I costi standard sono stati introdotti con legge (L.42/2009) con l’obiettivo di passare dal criterio del costo storico a quello del costo standard:

- Il primo indica quanto storicamente si è speso per un determinato servizio per cui quanto veniva trasferito alle varie Regioni sotto forma di trasferimenti dipendeva da quanto una Regione aveva speso nell’anno precedente.

- Il secondo indica il costo di un determinato servizio, che avvenga nelle migliori condizioni di efficienza e appropriatezza, garantendo i livelli essenziali di prestazione.

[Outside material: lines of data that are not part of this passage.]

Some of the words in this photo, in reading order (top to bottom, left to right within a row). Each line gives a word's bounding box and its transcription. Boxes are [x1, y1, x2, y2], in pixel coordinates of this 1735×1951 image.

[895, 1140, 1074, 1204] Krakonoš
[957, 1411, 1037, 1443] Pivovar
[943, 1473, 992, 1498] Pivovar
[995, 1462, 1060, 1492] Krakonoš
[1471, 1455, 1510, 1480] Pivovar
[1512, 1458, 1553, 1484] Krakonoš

Secondo quanto sancito dalla norma il costo standard è definito prendendo a riferimento la Regione più “virtuosa”, vale a dire quella Regione che presta i servizi ai costi “più efficienti”. In sostanza, per il finanziamento degli enti territoriali, la determinazione dei costi dovrà essere adeguata a una gestione efficiente ed efficace di Pubblica Amministrazione, tenendo anche conto del rapporto tra il numero dei dipendenti dell’ente territoriale ed il numero dei residenti.

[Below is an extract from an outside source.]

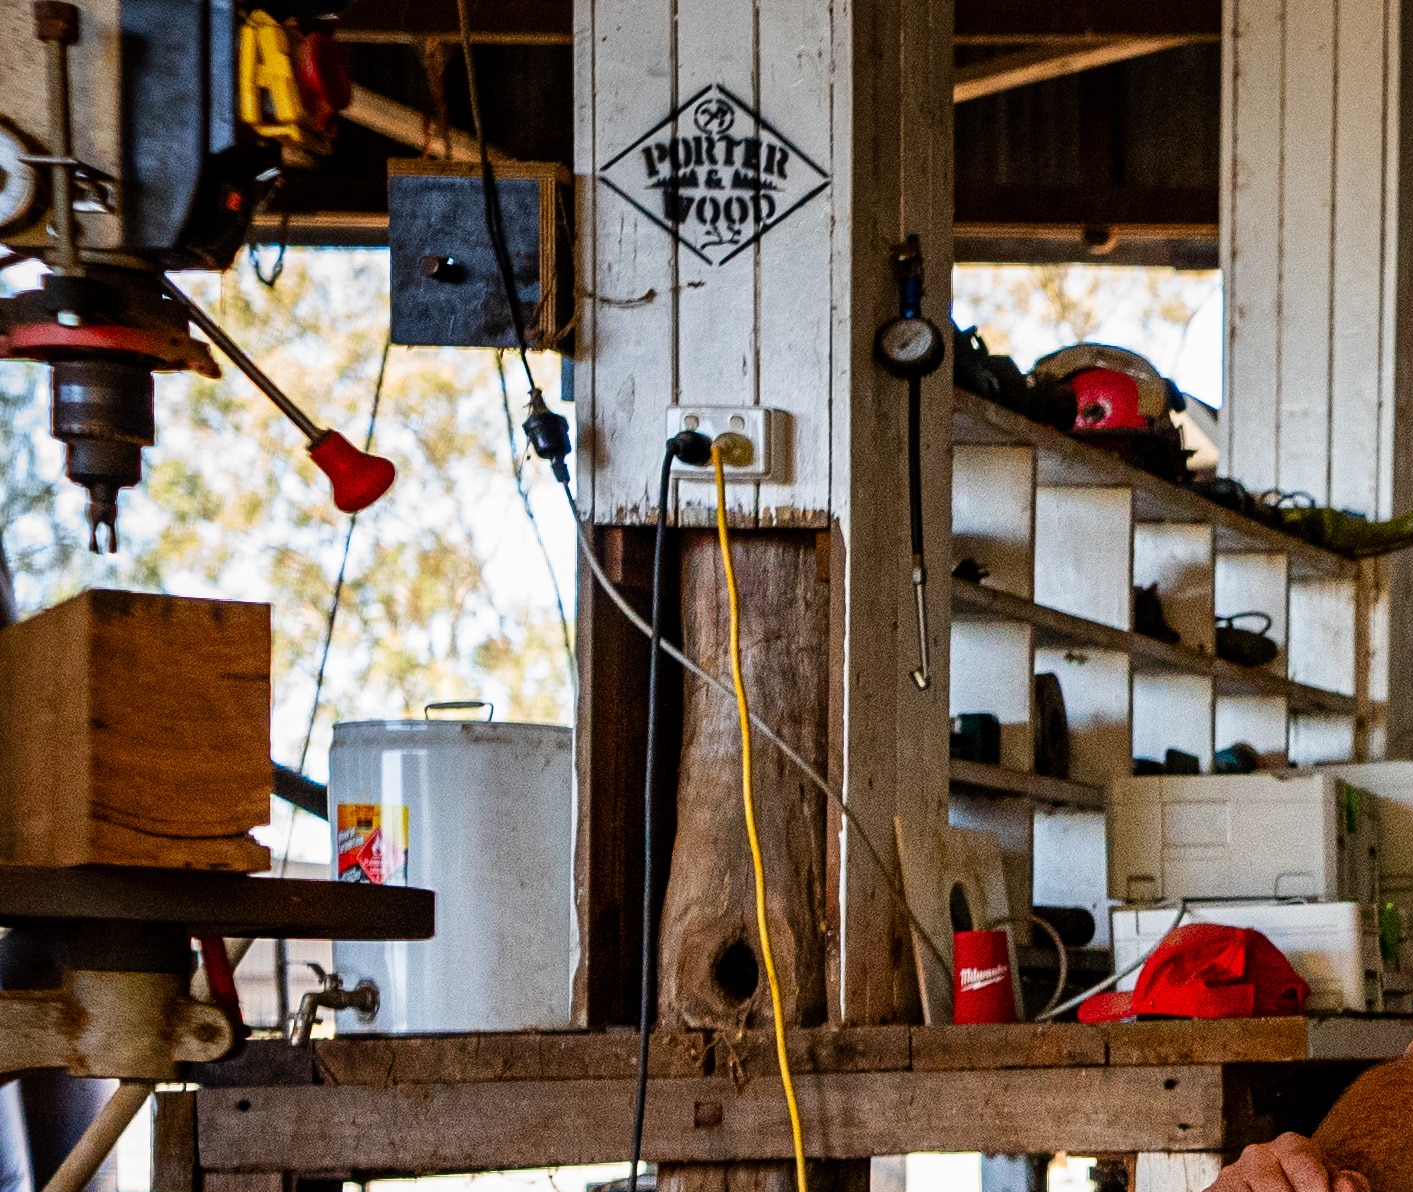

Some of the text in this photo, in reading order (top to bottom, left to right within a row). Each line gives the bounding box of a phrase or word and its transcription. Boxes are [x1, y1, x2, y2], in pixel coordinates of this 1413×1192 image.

I costi standard rappresentano per le Regioni, cioè per i soggetti che spendono, il nuovo modello economico di riferimento sul quale fondare:

- il finanziamento dell’attività pubblica afferente;

- l’erogazione ai cittadini dei principali diritti sociali (sanità, assistenza sociale e istruzione, nonché trasporto pubblico locale).

Essi saranno introdotti nel sistema finanziario “retributivo” delle prestazioni e dei servizi pubblici essenziali, in relazione ai fabbisogni (altrettanto standard) da soddisfare, individuati per garantirne l’erogazione delle prestazioni e dei servizi in condizioni di efficienza e appropriatezza, su tutto il territorio nazionale.

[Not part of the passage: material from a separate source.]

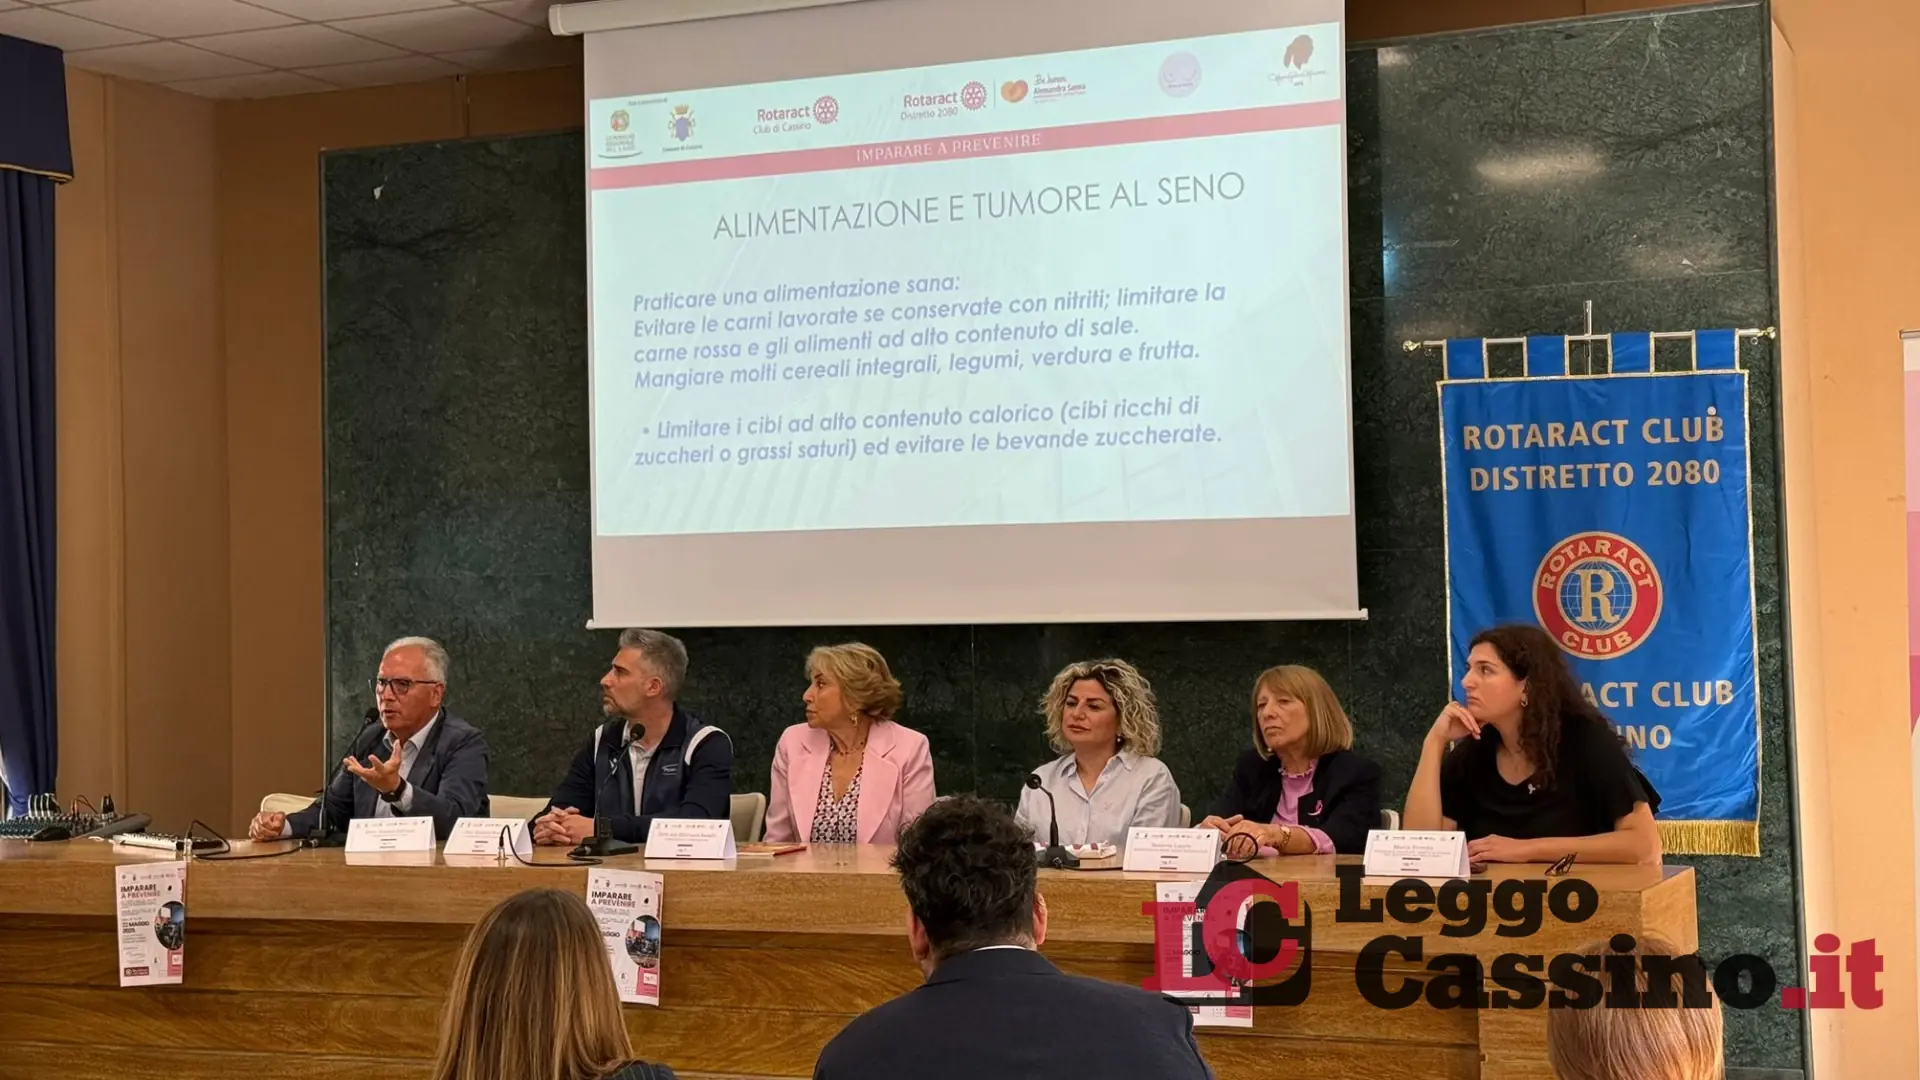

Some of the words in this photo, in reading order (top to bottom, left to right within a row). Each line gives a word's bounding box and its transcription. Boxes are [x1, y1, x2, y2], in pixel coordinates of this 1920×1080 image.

Sostanzialmente, i costi standard consentono la rideterminazione del fabbisogno standard ideale, necessario per assicurare a tutti i cittadini le prestazioni/servizi essenziali, ovverosia quanto questi dovranno costare nei diversi territori regionali, in favore dei quali andranno, rispettivamente, attribuite le risorse relative.

Il concetto dei costi standard è legato a due fondamentali scopi:

- ottimizzare e omogeneizzare i valori produttivi e, attraverso essi, contenere i prezzi;

- valutare gli scostamenti dei costi reali e, con essi, lo stato di efficienza del sistema produttivo.

Le autonomie territoriali regionali che spenderanno di più rispetto “ai costi giusti”

riconosciuti in loro favore, dovranno procurarsi le risorse aggiuntive anche attraverso il ricorso all’esercizio del proprio potere di imposizione fiscale.

Una metodologia difficile e pericolosa per la sanità

Il “costo standard’” nasce dalla contabilità industriale e il tentativo in atto è quello di trasferirlo tout court alla sanità. Esso nel settore manifatturiero è un costo definito in base a una costruzione ex ante dell’impegno economico che l’unità produttiva dovrà sostenere per l’esecuzione del ciclo produttivo. Tale costo, infatti, viene calcolato in base a predefiniti livelli di efficienza e di prezzo in relazione a determinate condizioni operative in uno specifico lasso temporale.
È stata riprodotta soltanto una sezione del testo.